» DATA SUPPLIED

= Beginning of Section =

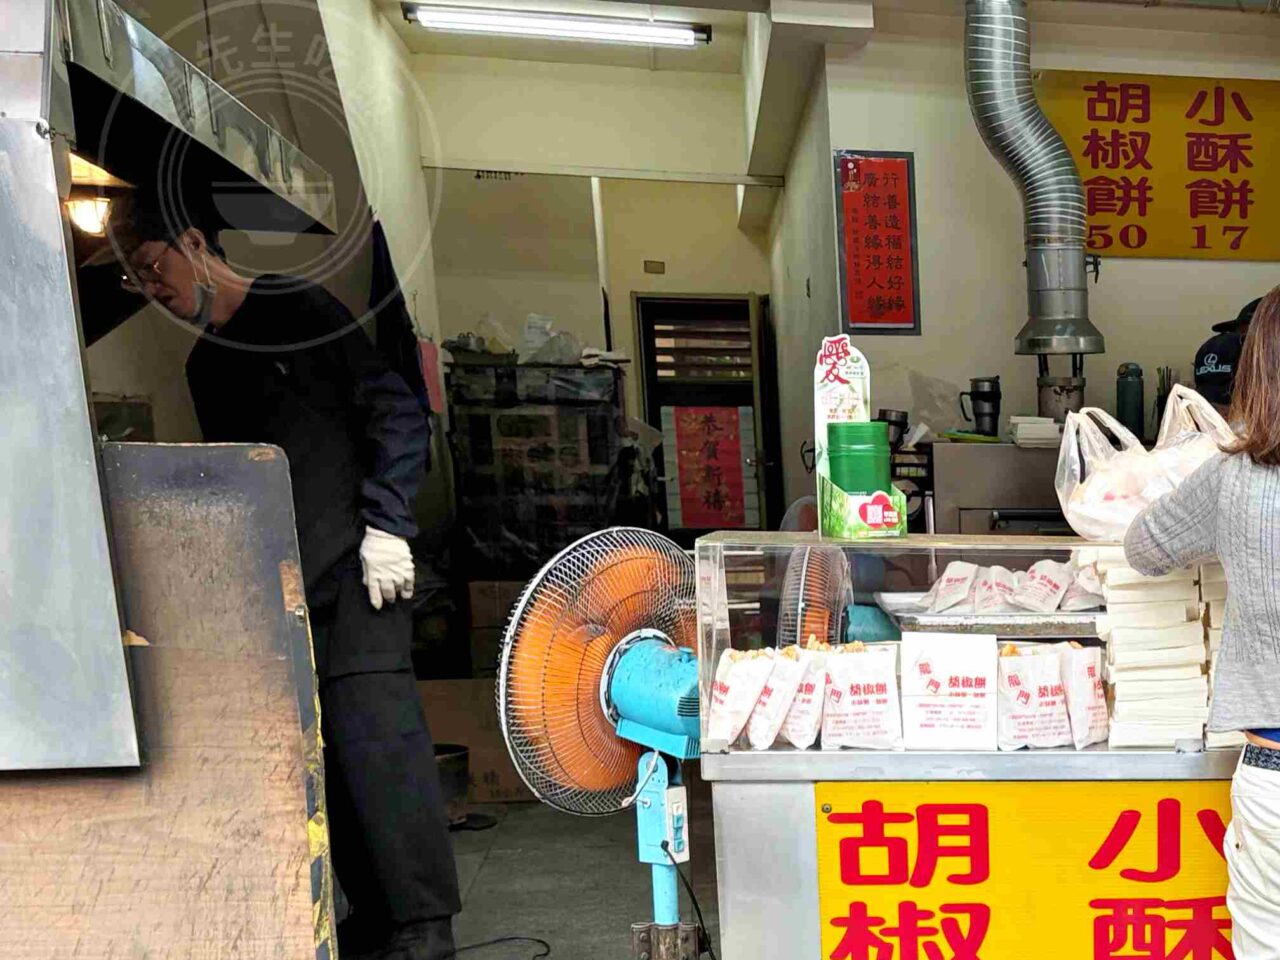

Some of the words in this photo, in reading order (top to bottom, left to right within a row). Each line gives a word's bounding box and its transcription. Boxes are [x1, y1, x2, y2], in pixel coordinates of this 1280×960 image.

[1082, 80, 1153, 217] 胡椒餅
[1185, 86, 1254, 219] 小酥餅
[1086, 224, 1147, 249] 50
[1191, 225, 1249, 250] 17
[1196, 364, 1232, 376] LEXUS
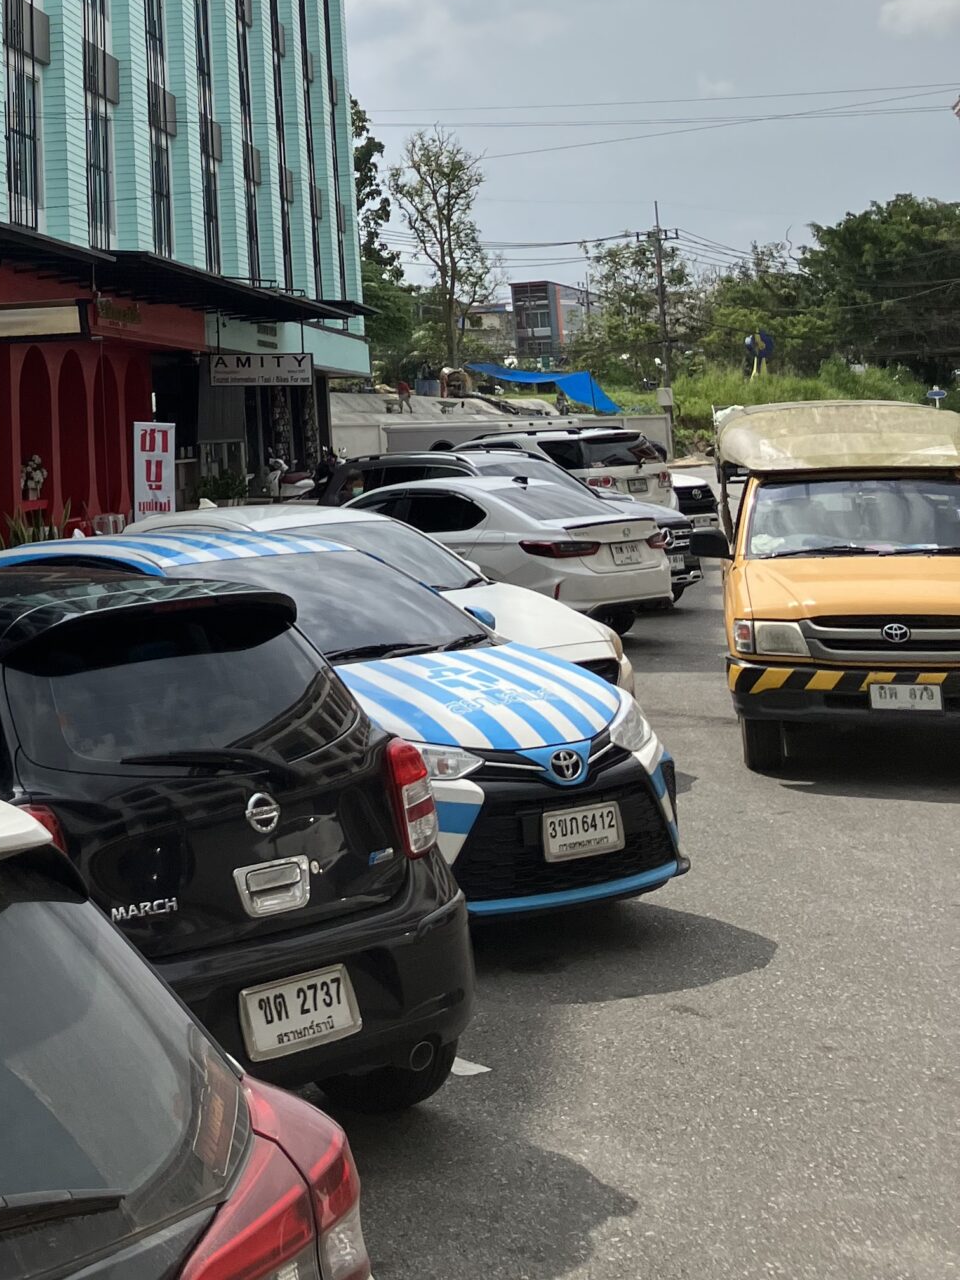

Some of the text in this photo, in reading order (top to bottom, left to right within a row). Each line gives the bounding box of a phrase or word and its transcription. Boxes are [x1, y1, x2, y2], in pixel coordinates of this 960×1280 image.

= End of Section =

» DIRECTIONS
Give the records back exactly. Leave the pictures out.

» ANSWER SPACE
Some of the words in this photo, in reading order (top to bottom, left to right within a row). Each line gives a word's bounding box and its transcription. Boxes are [x1, y1, x2, y2], in pixel coordinates of this 1280×960 image.

[1082, 80, 1153, 217] 胡椒餅
[1185, 86, 1254, 219] 小酥餅
[1086, 224, 1147, 249] 50
[1191, 225, 1249, 250] 17
[1196, 364, 1232, 376] LEXUS

Some of the text in this photo, in reading order (top to bottom, left to right within a row). Each line gives the bounding box of a phrase or word and its transcription. Boxes are [x1, y1, x2, y2], in pixel coordinates of this 960×1280 image.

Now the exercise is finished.